In the past decade, mental well-being has become a more important matter in society. More and more people are taking better care of their mental health, and the services dedicated to mental health continue to rise.
In the workplace, mental health has also become an important factor in many areas, especially in employee retention. Back then, people were hesitant to quit their jobs even if it is wearing them down to their core. But today, more people value their physical and mental well-being more than loyalty to their company. In fact, one of the most common reasons why millennials and Gen Zs quit their jobs is because it takes too much of a toll on their mental health.
It is high time for companies to rethink their culture, business practices, and employee engagement strategies to promote better mental health in the workplace. To start, here are the possible causes of toxic workplaces that force employees to quit:
There is no mental health first aid program
Like physical ailments, mental health requires first aid to prevent the development or exacerbation of mental health problems, especially in a high-stress environment like a workplace. Luckily, mental health first-aid courses already exist to help managers and workplace health workers (on-site doctors and nurses) respond appropriately to an employee experiencing or developing a mental health problem.

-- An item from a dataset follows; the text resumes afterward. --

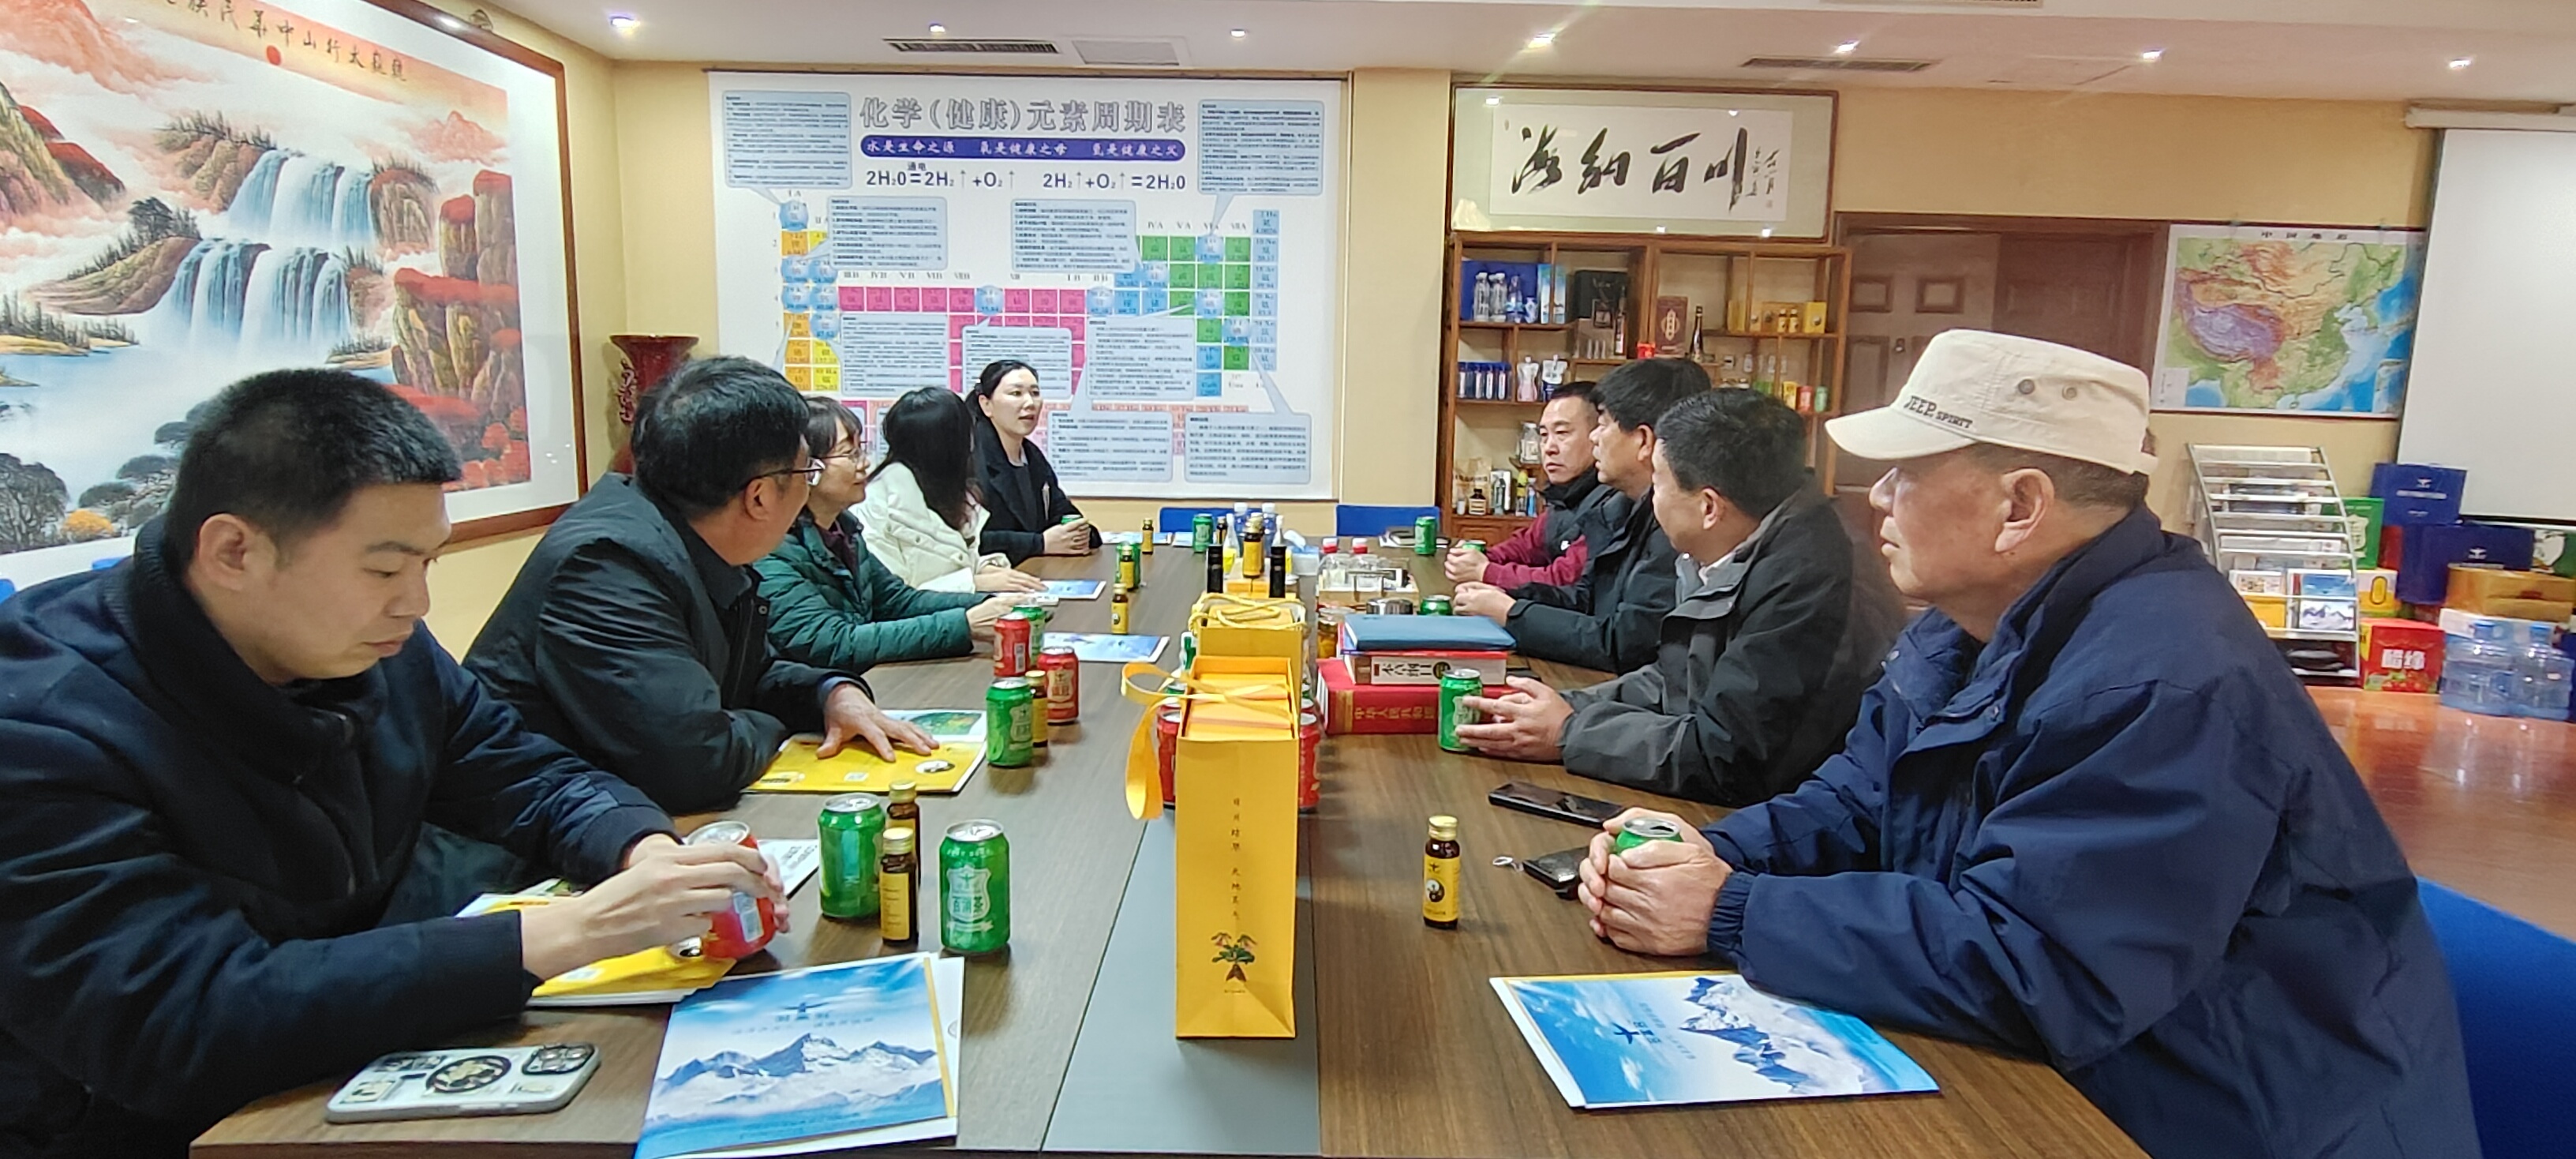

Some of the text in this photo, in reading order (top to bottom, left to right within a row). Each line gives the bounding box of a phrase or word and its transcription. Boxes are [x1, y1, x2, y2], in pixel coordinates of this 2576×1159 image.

A mental health first aid program at work can make a big difference in helping employees improve their overall well-being. For example, if an employee is on the verge of burning out, a trained manager can provide the proper response and help that employee decompress. Doing so helps improve that employee’s well-being, but it also helps avoid productivity issues and, worse—abrupt resignation.
The culture is toxic
Every company has a unique culture in the workplace. Unfortunately, not all of them are healthy nor positive. In toxic workplaces, employees are more likely to get burnt out, exhibit low productivity, and quit much sooner than expected, along with a barrage of other negative outcomes. These have direct effects on the companies, such as reduced output, higher retention, and a bad reputation among job seekers.
It can be quite easy to determine if a workplace is toxic. Here are the most common signs:
- Employees say that they are often stressed or burnt out
- Employees spend more time hanging out than working
- Toxic gossip is commonplace
- Employees are not keen to innovate or provide constructive feedback
- Working overtime is common
- Employees don’t know what’s going on in the company
- There are too many micromanagers on the team
- The management does not acknowledge small wins
- Attendance and/or timeliness is poor
- Employees are hesitant to ask questions or seek help from managers
- Attrition is higher than normal
- Constructive criticism falls on deaf ears
For every cause, there is a solution. The responsibility of reforming the culture is primarily the duty of the HR department. However, for true culture reformation to happen, managers and employees themselves must also have active involvement.
Mental health is not a valid excuse
If employees are down with the flu, normal managers won’t make them come to work. Why should it be different for a mental ailment? Even if employees cannot prove that they are going through a mental health problem, workplaces should treat it as a valid excuse. However, the validity of a “mental health problem” as an excuse to miss work is often ambiguous.
Many argue that employees could use mental health as a false excuse to miss work. However, that notion harms the people suffering from mental health problems and need to take some time off. And if a workplace downright dismisses mental health as an excuse for absence, they are taking away the right of people with mental illnesses.
There are toxic managers
People don’t quit because they hate their job—they quit because of a bad boss.
Management plays a significant role in the culture of a workplace. Since managers and supervisors directly interact with employees, they greatly affect the well-being of the people on their teams. For this reason, bad management usually results in increased burnouts, poor co-worker relationships, and low employee retention.
Whether it’s bad bosses, toxic cultures, or lack of mental health support, workplaces must address the root causes that can contribute to employees’ poor mental health. Doing so will make for a healthier working environment, but it will also result in favorable effects for the company, such as better productivity, higher motivation, and increased employee retention.